Goal of the exercise
Output every record verbatim, and omit each picture.

___ Dataset records

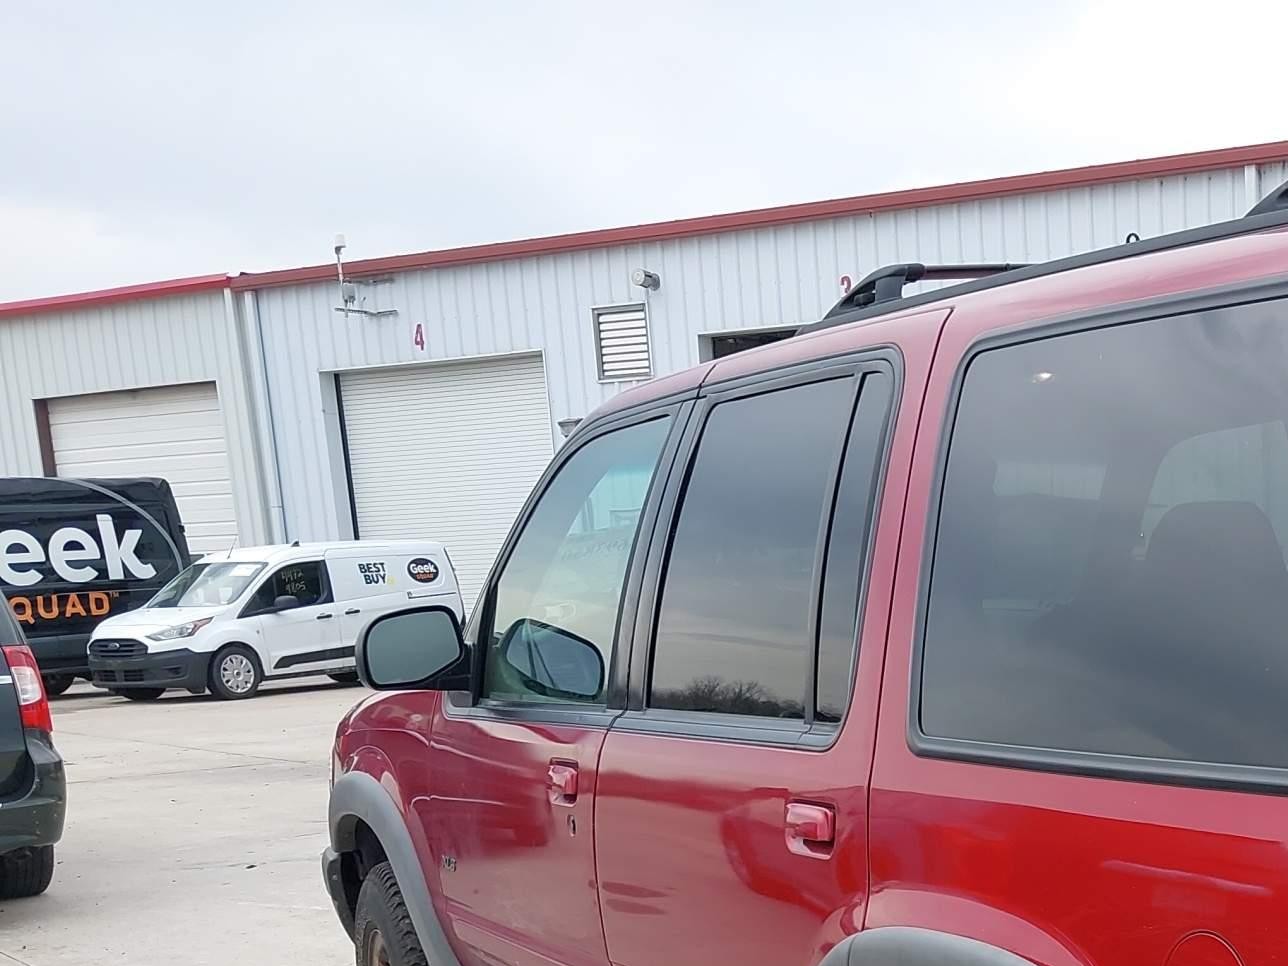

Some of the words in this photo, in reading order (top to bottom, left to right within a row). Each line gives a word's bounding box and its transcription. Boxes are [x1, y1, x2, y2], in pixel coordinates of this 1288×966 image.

[414, 323, 425, 351] 4
[358, 562, 386, 574] BEST
[409, 562, 437, 574] Geek
[363, 573, 387, 585] BUY
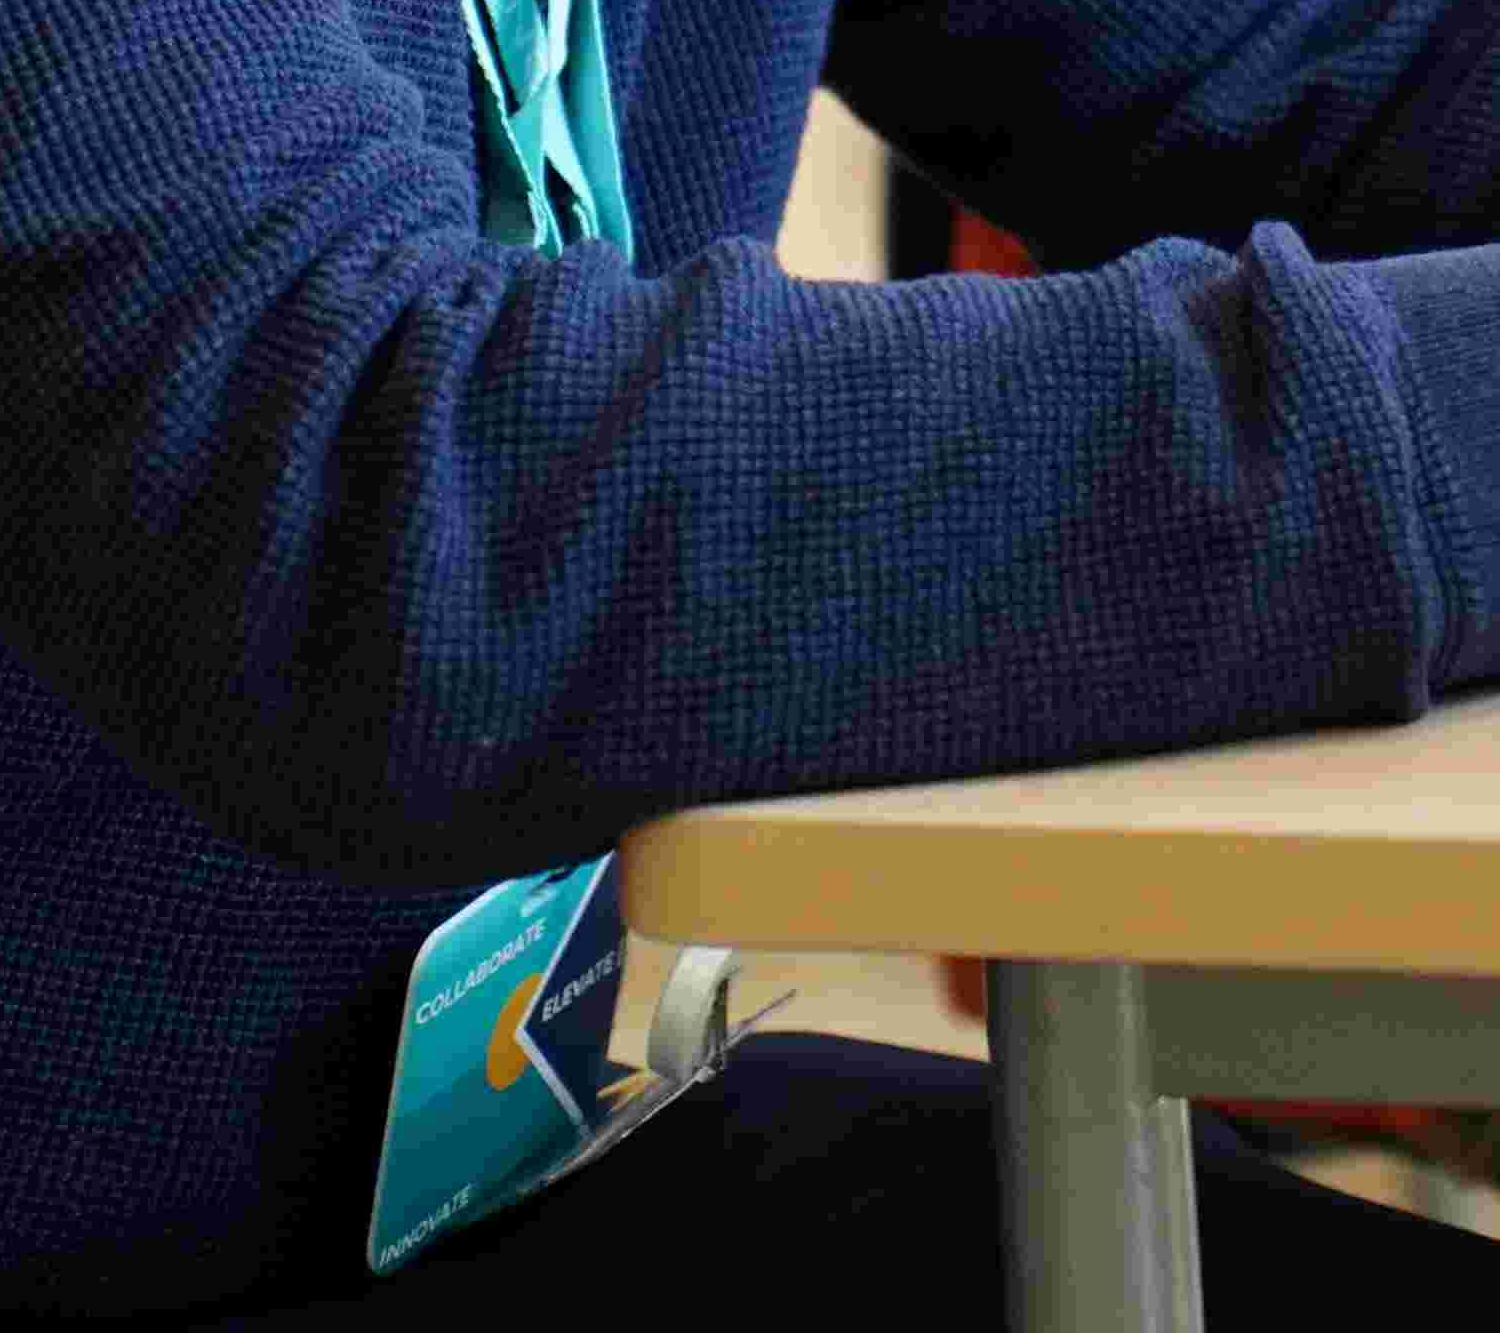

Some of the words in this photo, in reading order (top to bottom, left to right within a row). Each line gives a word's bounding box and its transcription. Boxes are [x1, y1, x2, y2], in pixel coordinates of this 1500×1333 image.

[415, 917, 548, 1025] COLLABORATE
[541, 949, 616, 1023] ELEVATE
[379, 1181, 471, 1270] INNOVATE

______

Written answer
Some of the words in this photo, in reading order (top to bottom, left to right within a row). Each line gives a word's bounding box and its transcription. Boxes are [x1, y1, x2, y2], in pixel coordinates of this 1288×966 image.

[414, 323, 425, 351] 4
[358, 562, 386, 574] BEST
[409, 562, 437, 574] Geek
[363, 573, 387, 585] BUY

Some of the words in this photo, in reading order (top to bottom, left to right within a row). Each line gives a word's bounding box and its transcription. Boxes are [x1, y1, x2, y2], in pixel coordinates of this 1500×1333 image.

[415, 917, 548, 1025] COLLABORATE
[541, 949, 616, 1023] ELEVATE
[379, 1181, 471, 1270] INNOVATE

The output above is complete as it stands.